How to complete this task.
Repeat the full listing below verbatim and keep the images out.

==================================================

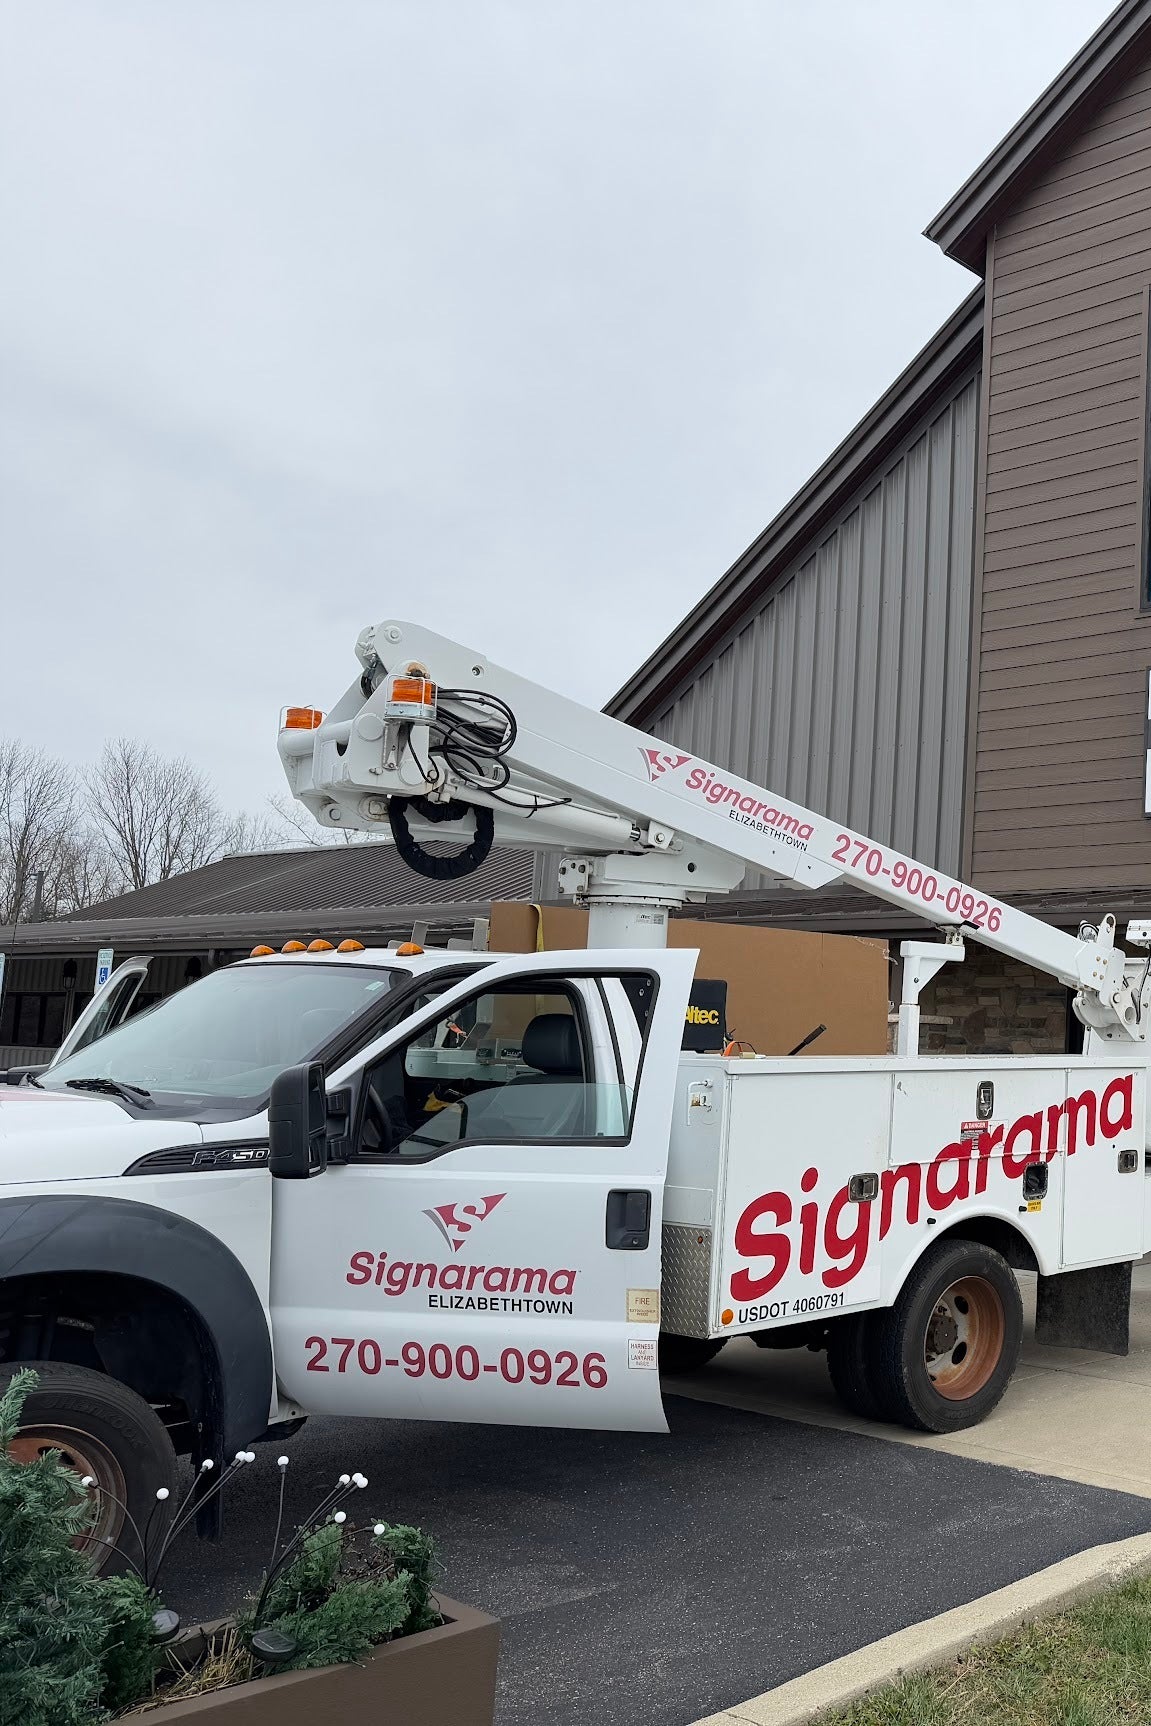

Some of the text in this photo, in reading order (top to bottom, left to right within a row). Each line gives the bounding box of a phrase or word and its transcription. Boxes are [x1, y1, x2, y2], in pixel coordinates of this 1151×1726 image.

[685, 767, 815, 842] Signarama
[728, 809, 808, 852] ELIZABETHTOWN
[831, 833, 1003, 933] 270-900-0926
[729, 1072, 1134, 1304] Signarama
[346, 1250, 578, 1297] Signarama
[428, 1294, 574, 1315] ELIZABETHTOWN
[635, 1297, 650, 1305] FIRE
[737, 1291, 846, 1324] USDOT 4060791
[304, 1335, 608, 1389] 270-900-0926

==================================================

Worked solution.
Some of the text in this photo, in reading order (top to bottom, left to right within a row). Each line gives the bounding box of a phrase or word and its transcription. Boxes are [x1, y1, x2, y2], in pixel coordinates of this 1151×1726 image.

[685, 767, 815, 842] Signarama
[728, 809, 808, 852] ELIZABETHTOWN
[831, 833, 1003, 933] 270-900-0926
[729, 1072, 1134, 1304] Signarama
[346, 1250, 578, 1297] Signarama
[428, 1294, 574, 1315] ELIZABETHTOWN
[635, 1297, 650, 1305] FIRE
[737, 1291, 846, 1324] USDOT 4060791
[304, 1335, 608, 1389] 270-900-0926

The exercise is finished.